Australian research debunks the assumption that the elevated atmospheric carbon dioxide (CO2) always makes plants more drought tolerant
It was thought that carbon emissions, which continue to add to the level of atmospheric CO2, would boost plant photosynthesis and allow them to use water more efficiently. That would be expected to allow them to tolerate drought.
Research that developed the drought tolerant theory was conducted in North America and Europe but assumed to apply to drought tolerance in warm and dry ecosystems, such as Australian grasslands and grassy woodlands.
But new findings from research in Australian conditions, at Western Sydney University shows increased CO2 does not necessarily benefit plant drought tolerance.
“People believed there would be really large water savings for grassy ecosystems in elevated CO2 that is a result of plants using less water, so there is more left in soil," said lead scientist David Ellsworth.
“Currently, global climate change prediction models are based on data that indicates that grasslands will increase their rate of photosynthesis under rising CO2 because of this,” Prof. Ellsworth said.
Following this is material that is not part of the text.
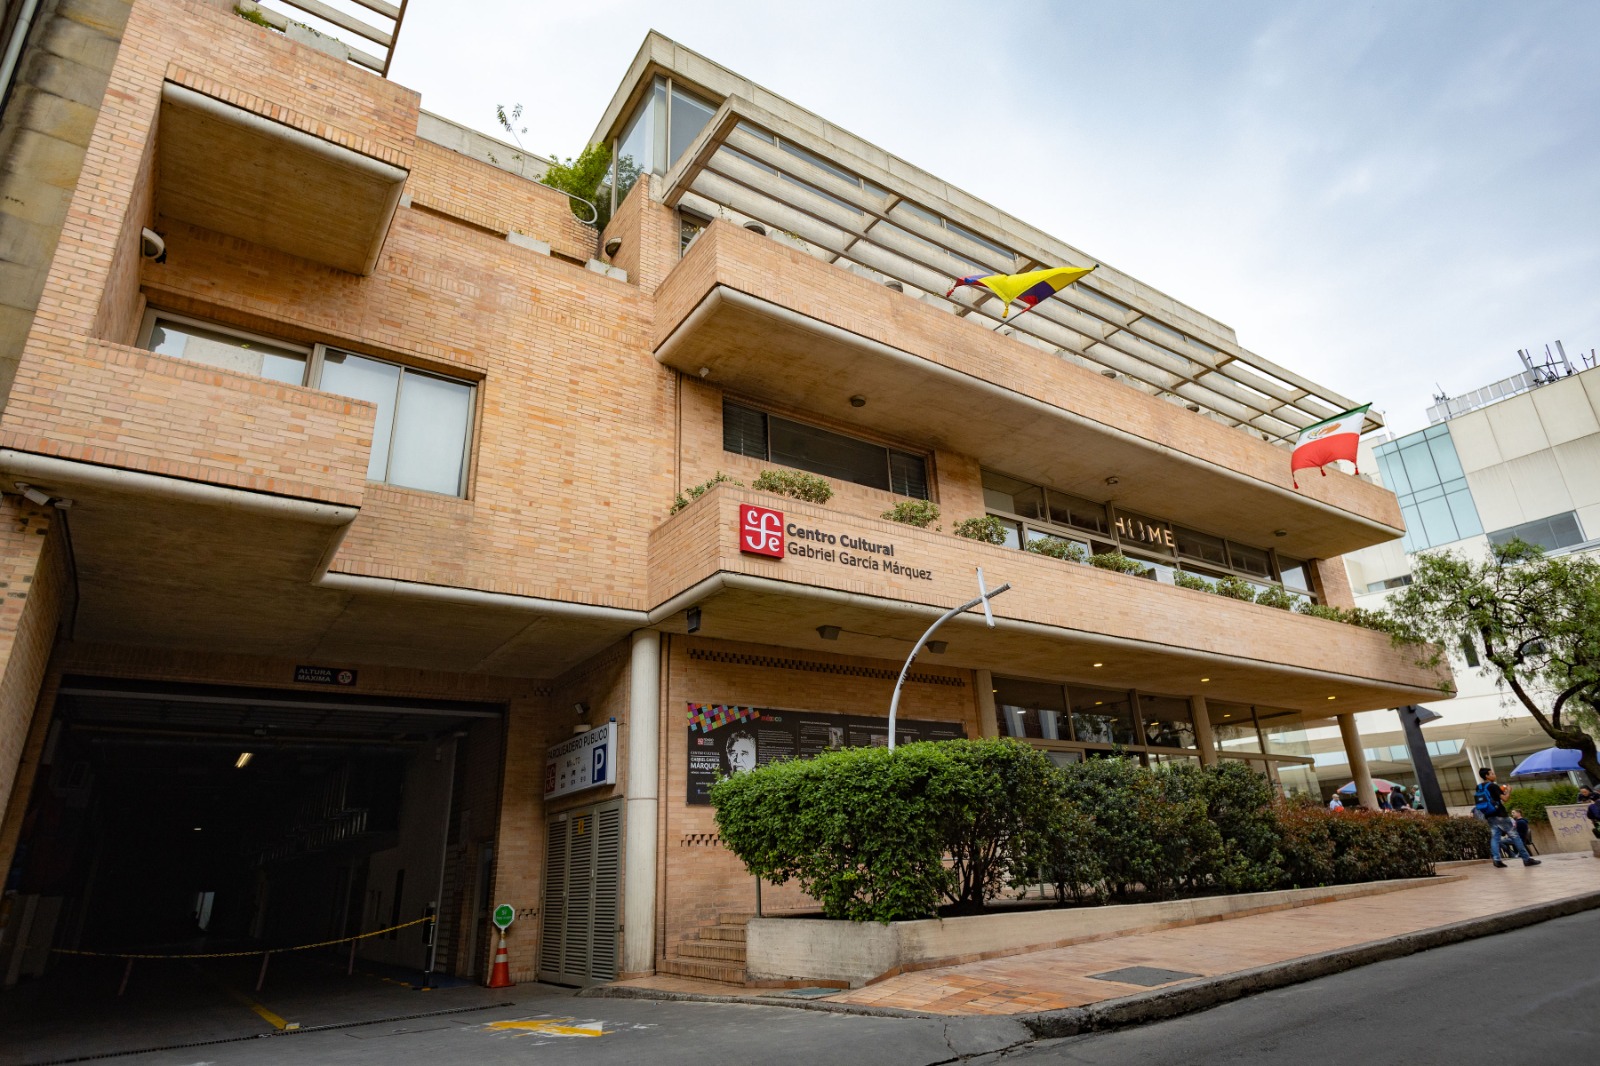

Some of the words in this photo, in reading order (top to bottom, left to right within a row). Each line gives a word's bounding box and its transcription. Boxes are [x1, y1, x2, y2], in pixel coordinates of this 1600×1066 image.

These kinds of grassy woodlands are extensively grazed. That makes this research relevant for agricultural community, and whether they can expect benefits (from increased CO2) through extended periods of greening for grazing
Prof. Ellsworth lead the research project in grassy woodlands at the University’s Hawkesbury Campus.
“These kinds of grassy woodlands are extensively grazed. That makes this research relevant for agricultural community, and whether they can expect benefits (from increased CO2) through extended periods of greening for grazing,” said Prof. Ellsworth.
The CO2-drought tolerant theory says plants need CO2 to photosynthesise, and with more CO2 in the atmosphere, plants do not work as hard to get it.
To suck in the necessary CO2, plants open pores, called stomata. The more a plant opens its stomata, the greater its water loss from evaporation.
Scientists expected elevated C02 in the atmosphere would make plants open their stomata less.
In turn, plants would lose less water to evaporation, which in turn reduces demand on water in the soil and an increases drought tolerance.
“Plants try to balance the need to take in CO2 against losing water to the atmosphere,” Prof. Ellsworth said.
“Plants have a hardwired censor for atmospheric CO2. Even when you blow on them they start closing stomata.
“You could say they have landed at an optimal place to balance evaporation with the need for water and c02.
“Atmospheric CO2 can short circuit that process and change the way that balance works.”
But Western Sydney University’s research on Australian grass species showed it is the presence of water that controls whether plants open their stomata regardless of extra CO2 in the air.
“This research demonstrates that water availability in Australia has a big impact on increasing plant photosynthesis,” Prof Ellsworth said.